Милославский беседовал с Софьей Алексеевной в ее тереме, где находился также князь Василий Васильевич Голицын. Они оба поместились на лавках вблизи царевны, сидевшей в креслах.

— Ты говоришь, князь Василий Васильевич, что если поднимется во всем народе смута, то от того произойдет одно лишь государственное настроение, а пользы не будет; каждый тогда станет тянуть в свою сторону и сами заводчики дела не будут знать, за что им тогда приняться… И кажется мне, что ты прав, — рассуждала Софья Алексеевна.

— И не посему только одному не подлежит поднимать народа, но и потому еще, что он будет безоружен и ничего не поделает, если станут против него стрельцы с пищалями и с пушками. Попусту только перебьют много народу.

— Нет, князь Василий Васильевич, по-моему, коль скоро заводить смуту, так уже заводить ее всенародную!

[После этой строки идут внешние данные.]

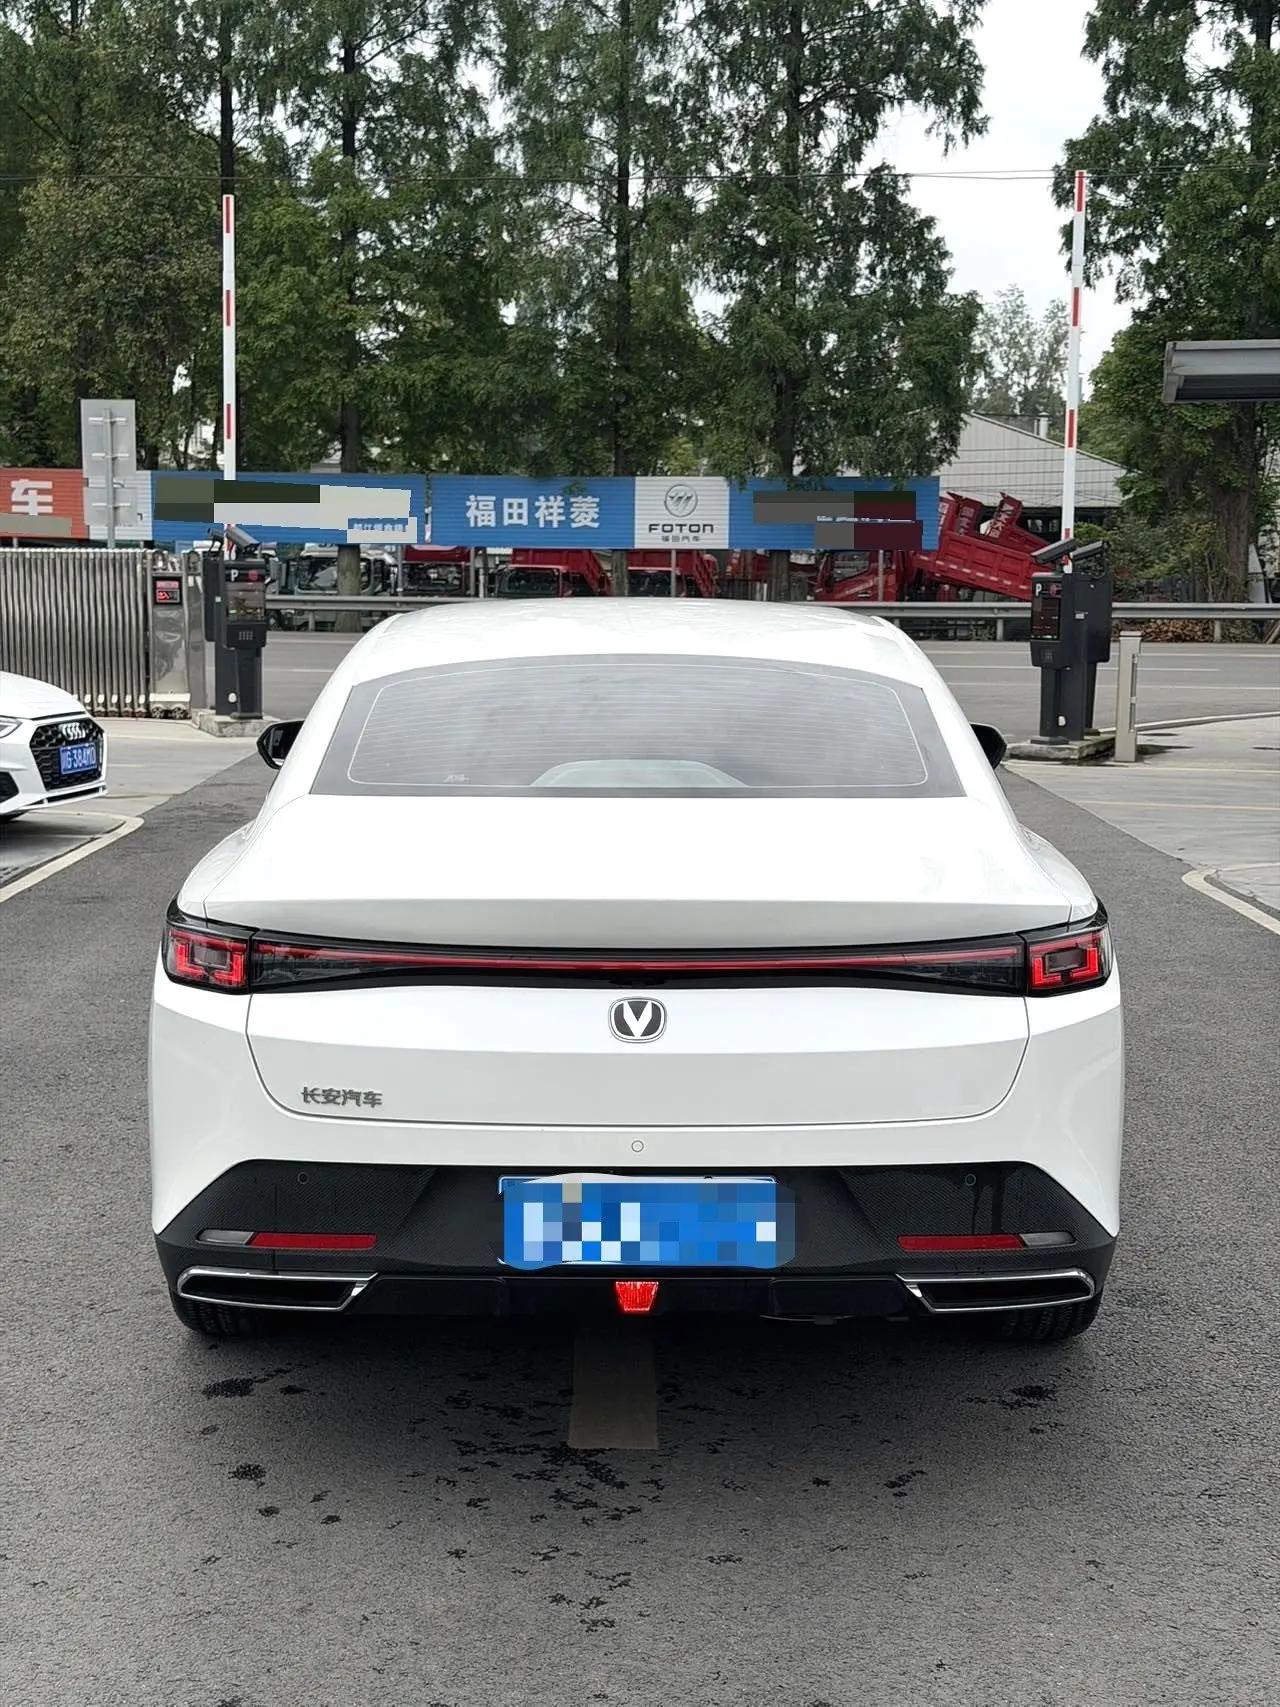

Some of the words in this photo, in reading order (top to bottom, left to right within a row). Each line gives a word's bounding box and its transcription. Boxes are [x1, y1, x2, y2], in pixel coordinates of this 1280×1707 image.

Во время ее и заводчики сумеют справиться со своим делом, а коль скоро народ не будет на нашей стороне, не станет кричать да бурлить, то и скажут, что мы посадили на царство Ивана Алексеевича недобрым согласием, не по народному избранию, а токмо насильством, — говорил внушительно Милославский.

— Ни о каком насильстве тут и слова быть не может: престол московский принадлежит, по праву первородства, благоверному царевичу Ивану Алексеевичу, — начал Голицын. — И избранию тут не должно быть и места; нужно лишь взять царевичу свое право мирным порядком.

— Мы — старшее племя! — перебила с живостью Софья, — Не мы, а над нами учинили насильство! С какой стати царица Наталья Кирилловна правит государством? Сказывают, указы от имени великого государя, а за великим государем во все глаза присматривают мамы да няни! Нечего сказать, хорош великий государь! — насмешливым и раздражительным голосом говорила царевна. — А братец Иванушка человек в полном возрасте. Мог бы и сам царством править. За что же обошли его?